Ask LH: How Can I Get My Friends To Fix Their Own Computers?

Dear Lifehacker, I find I'm always fixing my friends' or relatives' computers. I don't mind helping, but I'm getting called out for the same problems over and over. How can I get people to learn how to fix their own problems? Sincerely, Off and On Again

Dear Roy and Moss,

There's an old saying in the tech support world: Build a man a fire, and he'll be warm for a day. Set a man on fire, and he'll be warm for the rest of his life. Or something like that. While many of us feel useful and valuable when we fix other people's computers, it can create a system of dependency where you get called in every time Windows needs to update itself. Instead of doing everything for your friends, teach them the steps they need to solve problems on their own.

Give Them Common Solutions To Follow First

If you find that you're repeating the same steps over and over with the same person, it may be time to write them down. You can also create a checklist of all the common problems that you find yourself fixing and the easy solutions for them. Create a canned email, add some solutions to your text expanders, or just print off a few copies of a 3x5 index card listing intiial steps. Here are some basic things you can insist someone try before they ask you to come look at their PC:

  • Reboot your computer: When a computer exhibits weird behaviour, one of the first steps everyone can take is to restart their PC. If you teach your friends nothing else, this first step can reduce the number of support calls dramatically.
  • Unplug your router for 10 seconds: The most common internet service problems can typically be filed into one of two categories: the kind that can be fixed with a simple router restart and the kind that require a call to your ISP. There can be other problems, but these two options will go a long way.
  • Perform routine maintenance: Instead of performing a house call every six months just to spend your first two hours running a malware scan because no basic maintenance has been performed. This can even be done while the user is sleeping, so there's no reason not to.

Send Them Basic Computer Education

If you're seen as the computer expert of your social circle, chances are you know a bit more than those around you. Otherwise, they wouldn't be asking for your help. You're not going to be able to transfer all your experience to everyone around you, but you can get them started.

Not everyone needs to understand how to tweak the registry or create custom Autohotkey scripts.

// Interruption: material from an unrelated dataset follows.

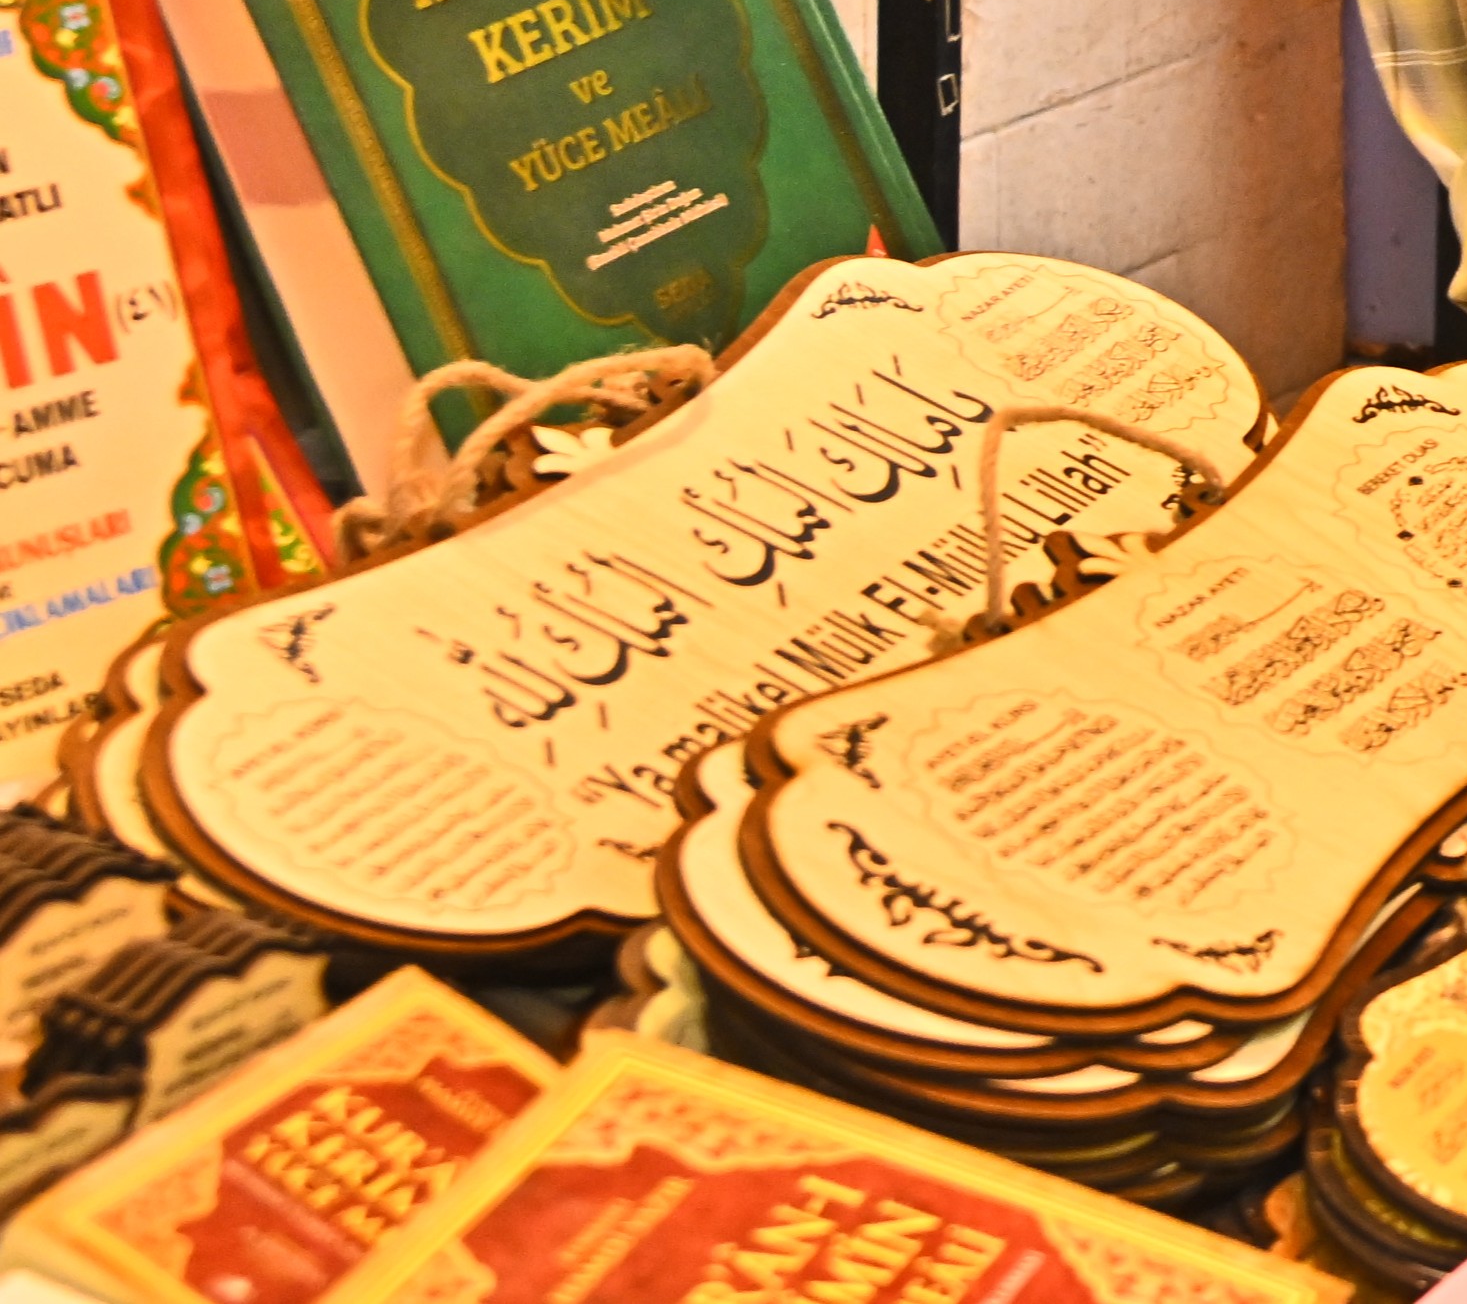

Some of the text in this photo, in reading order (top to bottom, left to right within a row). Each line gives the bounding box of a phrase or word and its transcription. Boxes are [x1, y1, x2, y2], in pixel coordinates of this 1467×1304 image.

However, there are some things that everyone should know. For example:

  • 10 simple computer skills everyone should know: Tautologies may be tautological, but from file-sharing to fixing your Wi-Fi, this list of guides can lead your less tech-savvy friends down the road to self-reliance.
  • Avoid online scams: In addition to protecting their online identity, knowing how to avoid scams online will go a long way to prevent the kind of malware that causes the kinds of recurring problems you keep getting called to clean up.
  • Speed up a slow computer: Few things are more stressful than the complaint that "My computer is slow", because it can have a hundred different causes. Fortunately, there are at least a few things your friends can do before you head over to their place.

Being responsible for educating your friends and family can be a bit overwhelming, particularly if you're sharing the same collection of a dozen links over and over. To make it a little easier on yourself, you can use a URL shortener service like to share multiple information sources with a single link.

Compile Contact Info And Forums They Can Check

No matter how much you know about technology, there are always going to come times when you need to get help. Frequently, when we help out a friend, the solution to the problem can be quickly found via Google, forums or just calling a support line. While you're teaching your friends or family how to use their computer, show them the basic sources of information they can use to find answers.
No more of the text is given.